Japan’s Flower of the Year Has UConn Roots

The compact butterfly bush called Pugster Amethyst is based on plants first developed in the lab of UConn horticulture professor Mark Brand

Mark Brand, professor of horticulture, working in the Tissue Cultures Lab.

Mark Brand, professor of horticulture, working in the Tissue Cultures Lab. (Jason Sheldon/UConn Photo)

A plant based on research from UConn’s Mark Brand and former PhD student William Smith has reached new heights, even though it only sits about two feet off the ground.

Pugster Amethyst Buddleia was recently named Japan’s 2024 Flower of the Year by the Japan Flower Selections Association (JFA).

A variety of butterfly bush with stunning blooms and compact stature, Pugster Amethyst was cultivated from germplasm developed by Mark Brand, professor of horticulture in the College of Agriculture, Health and Natural Resources, and his former doctoral student, William Smith in 2008.

Pugster Amethyst butterfly bush
Pugster® Amethyst Butterfly Bush (Proven Winners)

Germplasm describes any part of a plant – from seeds to stalks – that can be used to breed, research, or conserve a plant. The UConn team patented the original cultivars and licensed them to Spring Meadow Nursery. They were sold nationally through the Better Homes and Gardens plant line at Walmart and ended up in homes around the nation.

When he graduated from UConn in 2010, Smith become a shrub plant breeder with Spring Meadow Nursery. Spring Meadow is the nursery in charge of managing the Proven Winners ColorChoice shrub program.

With his intimate knowledge of the germplasm he and Brand developed, Smith and Tim Wood, head of product development and marketing at Spring Meadow Nursery, crossed the initial dwarf Buddleia cultivars with large-growing variants that had more vibrant flower color. The result was a new dwarf cultivar with slightly enhanced colors that became part of the Pugster series of butterfly bushes.

“Our UConn butterfly bush germplasm was quite unique and allowed the nursery industry to take a big step forward in improving what was available on the market,” says Brand.

A Bloom of Distinction

Nominated plants are judged by experts at Chiba University for field and greenhouse performance. In this year’s competition, 61 varieties were selected as finalists, with one plant in each category receiving the top award, Flower of the Year. Pugster Amethyst Buddleia won top honors in the garden plant category.

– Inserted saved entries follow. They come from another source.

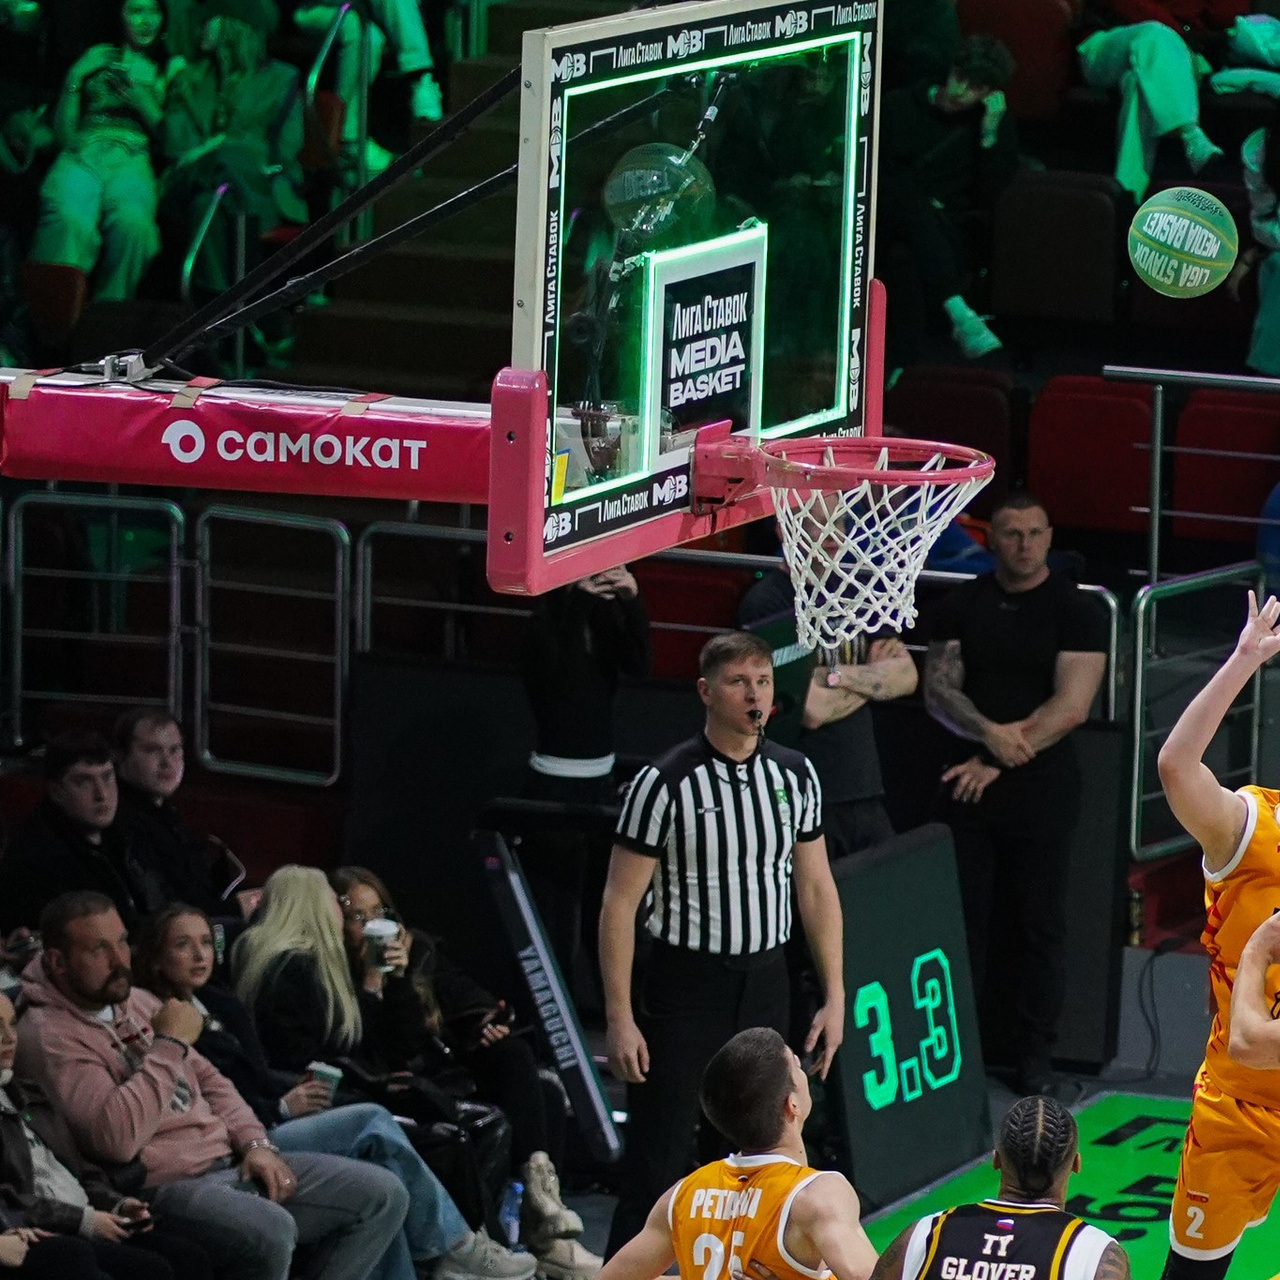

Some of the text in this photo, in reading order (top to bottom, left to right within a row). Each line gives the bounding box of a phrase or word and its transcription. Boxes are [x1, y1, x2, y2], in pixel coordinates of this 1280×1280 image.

[1142, 212, 1221, 259] MEDIA BASKET
[670, 330, 746, 380] MEDIA
[669, 363, 746, 408] BASKET
[216, 427, 428, 471] самокат
[518, 944, 580, 1070] YAMAGUCHI
[1186, 1205, 1205, 1239] 2
[982, 1233, 1015, 1257] TY
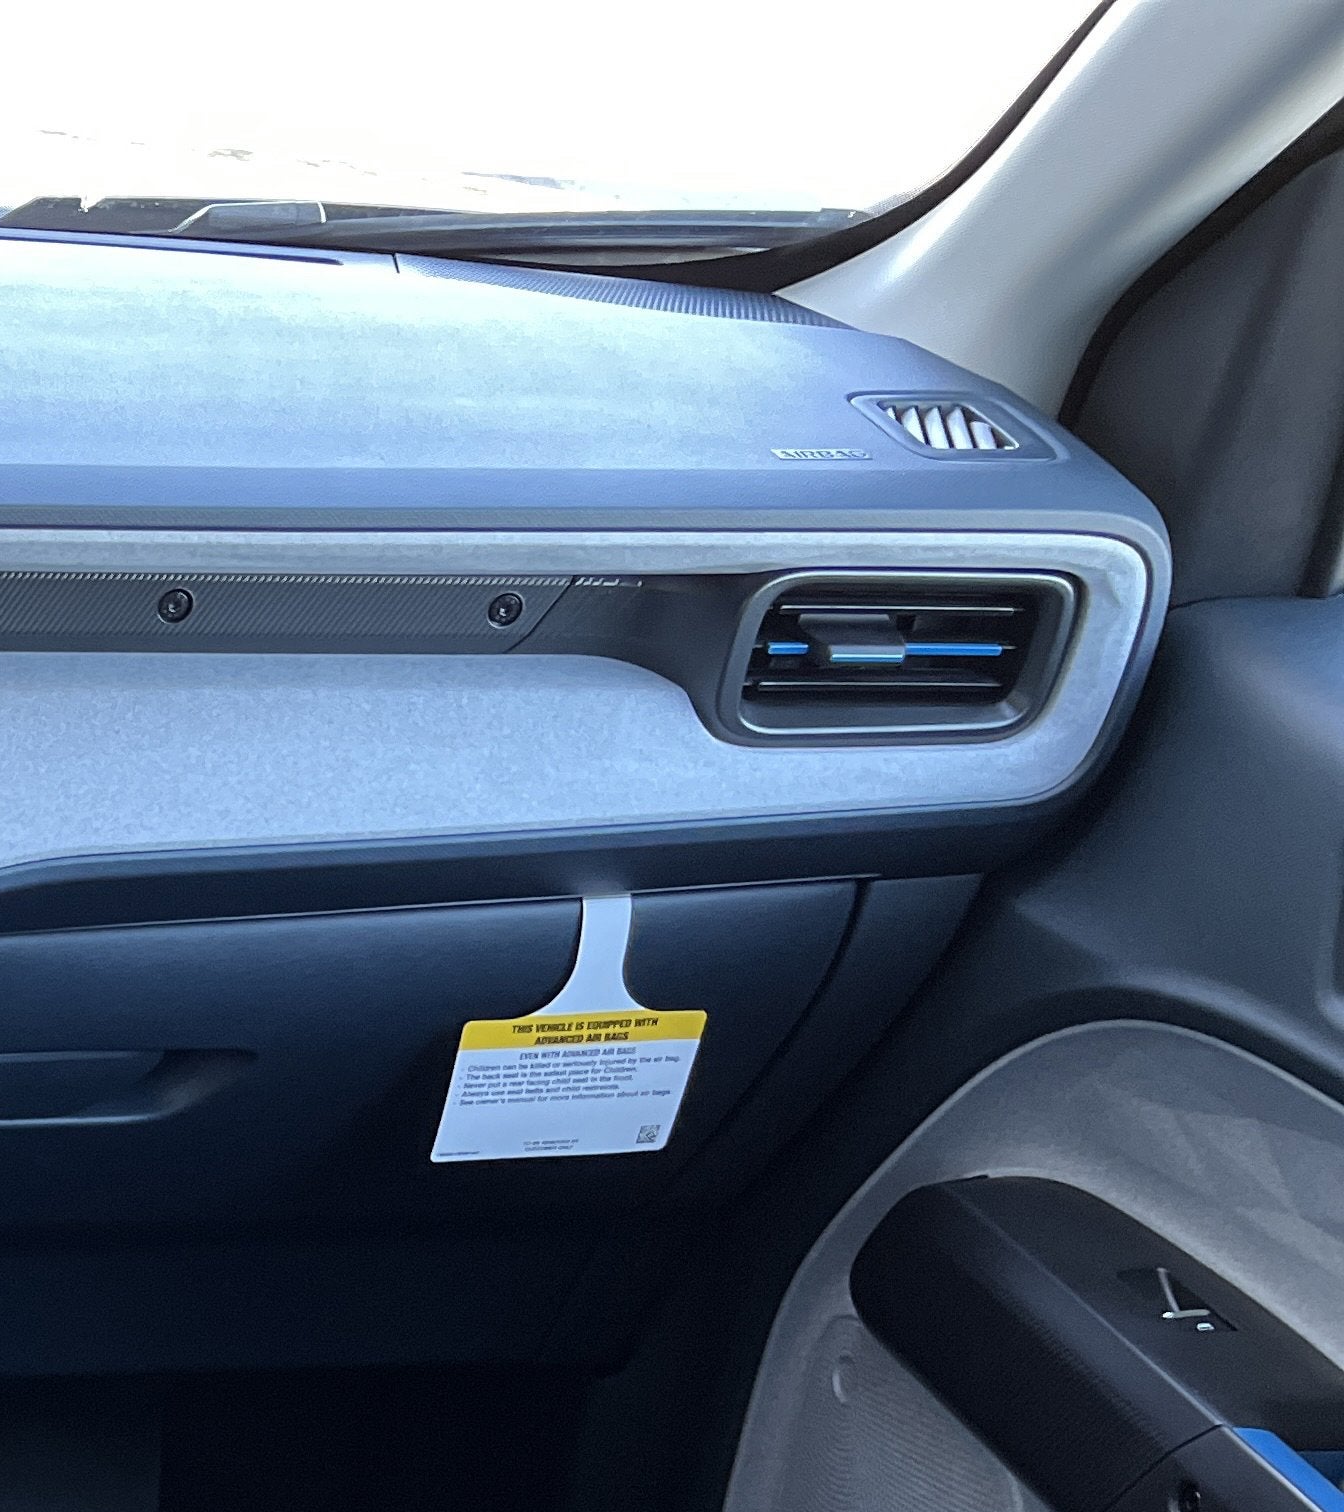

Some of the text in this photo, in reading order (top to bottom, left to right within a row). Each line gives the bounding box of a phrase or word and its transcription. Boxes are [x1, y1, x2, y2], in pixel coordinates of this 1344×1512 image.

[512, 1017, 659, 1033] THIS VEHICLE IS EQUIPPED WITH
[534, 1031, 630, 1045] ADVANCED AIR BAGS

“This [Plant of the Year] award is the most famous and prestigious one in Japan,” says Masashi Fujiwara, marketing director at Hakusan, the company that manages Proven Winners ColorChoice shrubs in Japan on behalf of Spring Meadow. “A New Standard for Good Flowers” is the motto of JFA, and it expresses their confidence in Pugster Amethyst as the best new garden plant introduction in Japan this year.”

Adorably Resilient

Pugster butterfly bushes pack a big punch in a small package. All of the varieties are dwarf forms developed from UConn germplasm. Each one has been bred to have a different flower color. Small, cute, and tough – that’s what Brand suspects the Proven Winners marketing team was trying to convey when they chose the name “Pugster” for this group of plants.

“The stems are quite thick and sturdy and give the plants better cold hardiness, a trait that is lacking in other butterfly bush cultivars,” says Brand. “Of course, the Pugster butterfly bushes are still great for attracting pollinators, and they possess good deer browse resistance and a long season of bloom in most of the summer.

The influence of UConn’s butterfly bush germplasm on the nursery industry has set a new standard for excellence. The Pugster series, with its charming compactness and vibrant flower colors, has seen continued success, overshadowing its predecessor, the Soda Pop series, according to industry experts.

As the Proven Winners program has evolved over time, the Pugster series continues to captivate gardening enthusiasts worldwide.

“Even though we’re somewhat removed from the introduction of these new plants at this point, it’s rewarding to know that they are appreciated by bodies like the Japan Flower Association and that through these plants, a piece of UConn is reaching homes around the world,” says Brand.